Leaving out the pictures, copy each record below exactly.

╔══

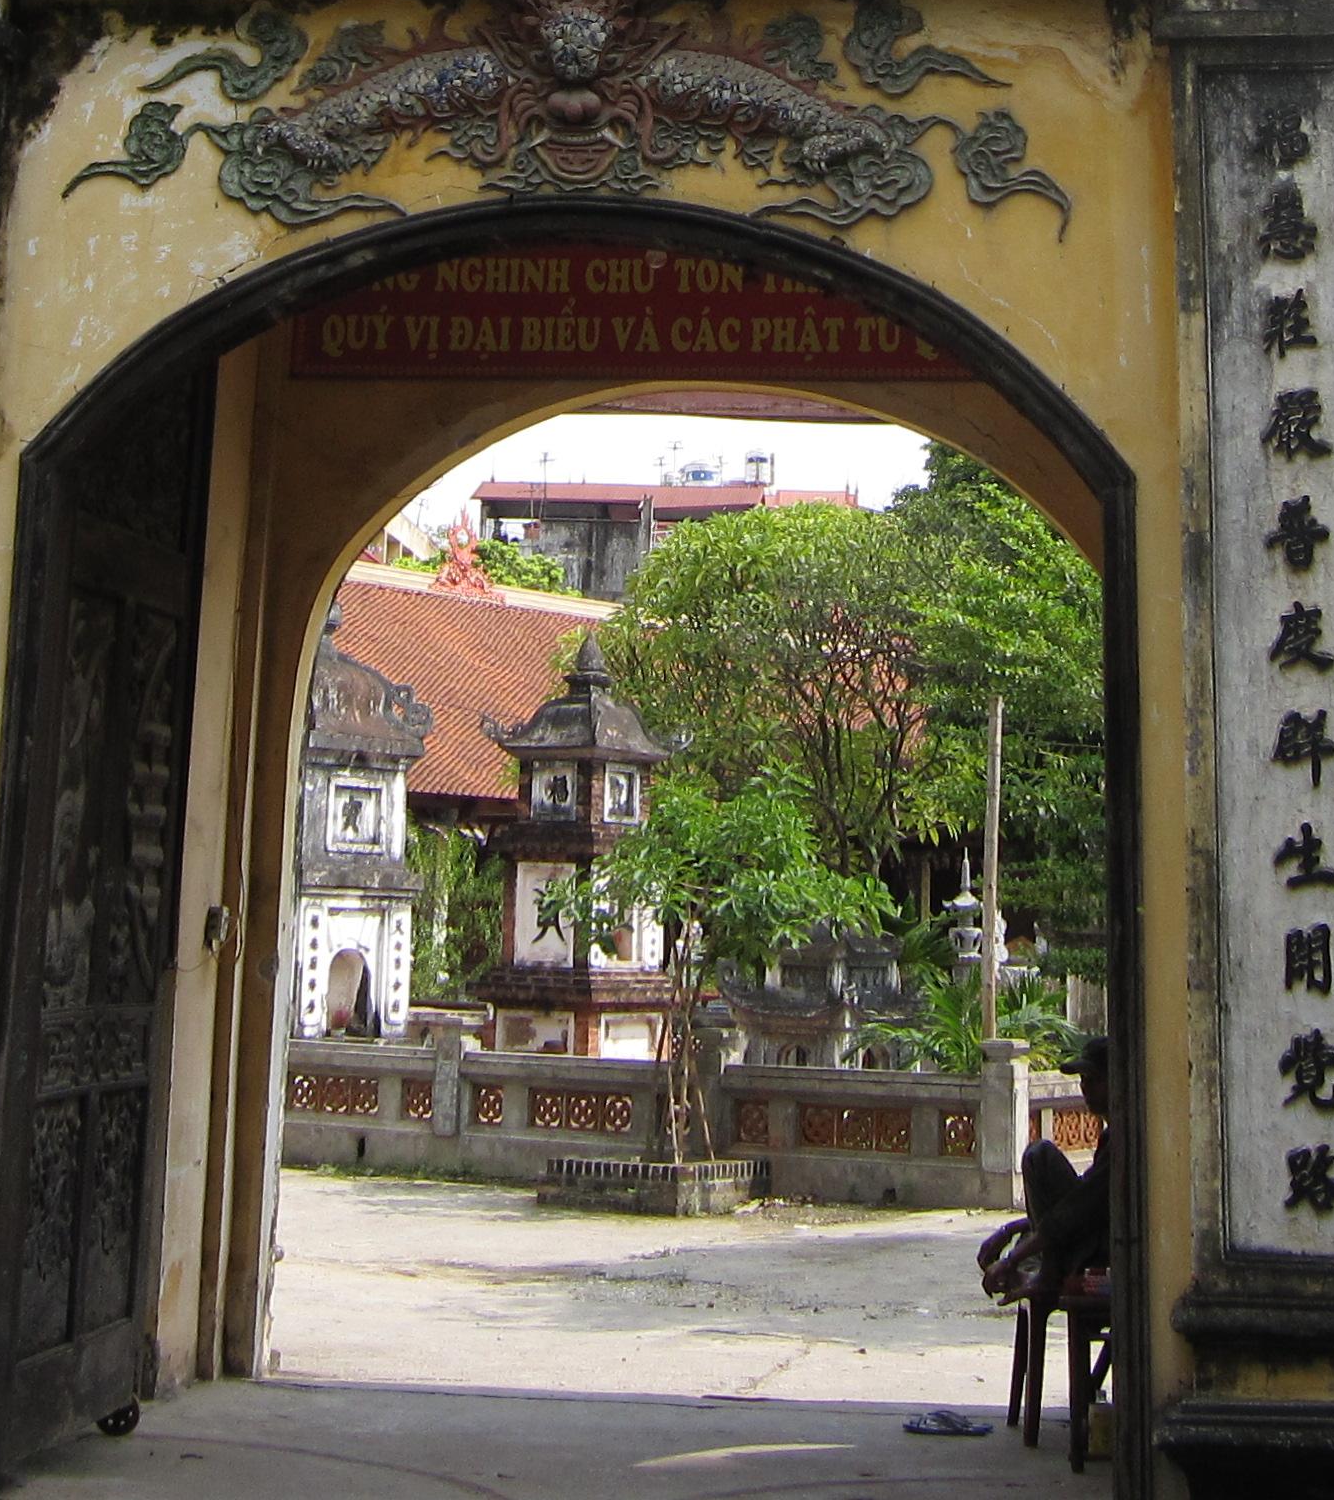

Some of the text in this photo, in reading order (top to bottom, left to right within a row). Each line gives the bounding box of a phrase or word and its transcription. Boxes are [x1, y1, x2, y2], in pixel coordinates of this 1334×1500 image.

[435, 257, 572, 294] NGHINH
[321, 304, 396, 358] QUÝ
[403, 315, 441, 360] VỊ
[447, 315, 512, 360] ĐẠI
[520, 296, 603, 353] BIỂU
[611, 305, 661, 353] VÀ
[670, 305, 743, 353] CÁC
[750, 306, 846, 362] PHẬT

╚══

#### [Task solution]
Some of the text in this photo, in reading order (top to bottom, left to right within a row). Each line gives the bounding box of a phrase or word and its transcription. Boxes are [x1, y1, x2, y2], in pixel coordinates of this 1334×1500 image.

[435, 257, 572, 294] NGHINH
[321, 304, 396, 358] QUÝ
[403, 315, 441, 360] VỊ
[447, 315, 512, 360] ĐẠI
[520, 296, 603, 353] BIỂU
[611, 305, 661, 353] VÀ
[670, 305, 743, 353] CÁC
[750, 306, 846, 362] PHẬT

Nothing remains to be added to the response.